The customer is having a problem with a memory leak within their JAVA application.  Something this is not supported by Oracle Support though an SR.

INITIAL FINDING:  they didn't use the free() when using the getclobval(). 

INITIAL SOLUTION: The customer changed their code to add in the free() and this reduced the leak but not all of it.  80-90% of the leak is gone

CURRENT ISSUE: We examined the latest heapdump and it still had the same signature as before, so we asked them to re-exam their code.

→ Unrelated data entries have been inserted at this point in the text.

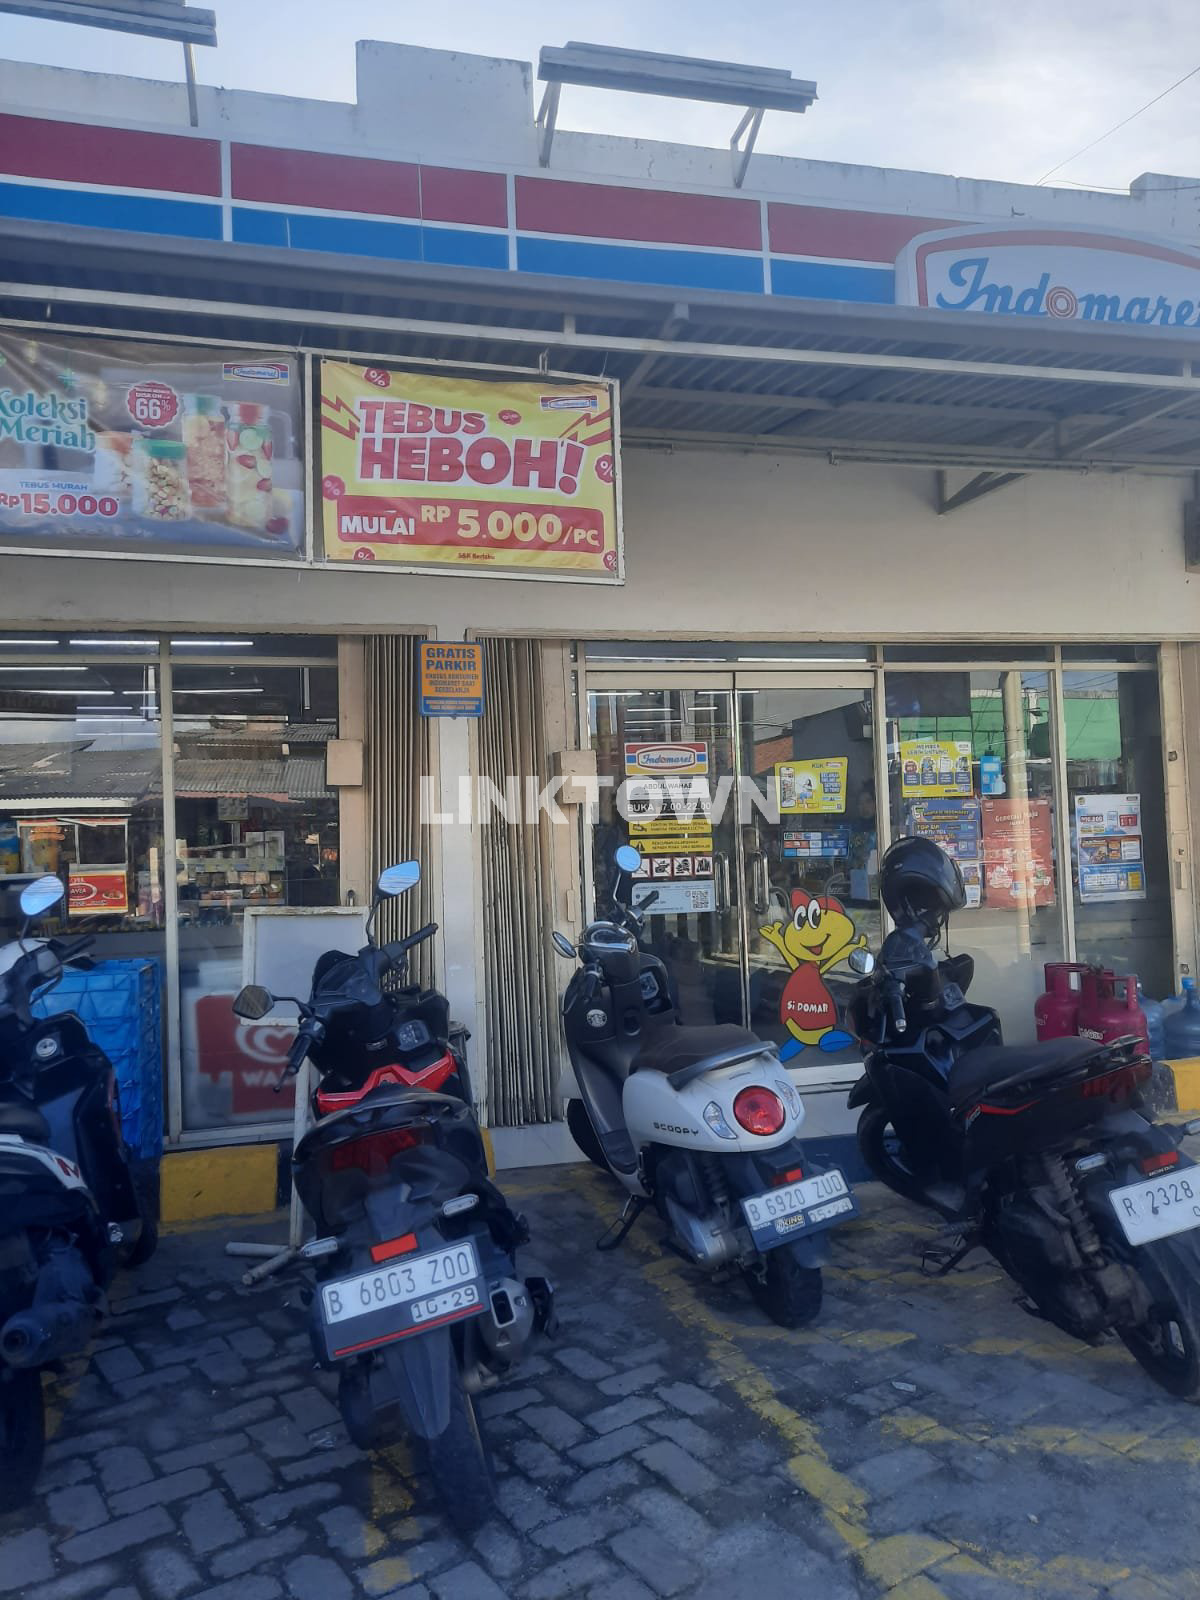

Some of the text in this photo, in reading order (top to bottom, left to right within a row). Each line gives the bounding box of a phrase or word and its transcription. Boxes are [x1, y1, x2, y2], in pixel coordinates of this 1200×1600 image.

[936, 257, 1200, 328] Indomare
[359, 401, 487, 435] TEBUS
[0, 417, 95, 451] Meriah
[360, 437, 585, 495] HEBOH!
[52, 482, 88, 491] MURAH
[341, 516, 415, 535] MULAI
[421, 504, 451, 523] RP
[426, 648, 476, 659] GRATIS
[426, 660, 477, 671] PARKIR
[641, 754, 692, 765] Indomaret
[627, 803, 655, 812] BUKA
[797, 1002, 829, 1013] DOMAR
[653, 1122, 699, 1136] SCOOPY
[749, 1203, 760, 1221] B
[768, 1189, 806, 1214] 6920
[1123, 1198, 1137, 1217] R
[1146, 1180, 1194, 1211] 2328
[328, 1290, 343, 1316] B
[360, 1268, 417, 1305] 6803

They couldn't find anything in the code so the next idea is to trace file JAVA application in hope to locating the memory leak and the location where they need a free() call.

JDK 1.6

Database 11.2.0.4

Red Hat Linux

Connection pooling

EXIT CRITERIA:  Reduce the leak by 99-100%

--------MORE DETAIL-------------------------

By examining the headdump from an 11.2.0.4 database, we can see the leak and with the help of Oracle JAVA support initially identified it was related to customer Code NOT using the free() when using the getclobval() function.

---Description provided to the customer in the SR----------------

The Heapdumps from Production confirmed last week was that the Statements that we were focussing on were not triggering leaks from the same areas as what is being seen on your Production environment.
Even if we fix the issue seen on the statements included in the standalone testcase , it is not even a factor on your Production JDBC sessions.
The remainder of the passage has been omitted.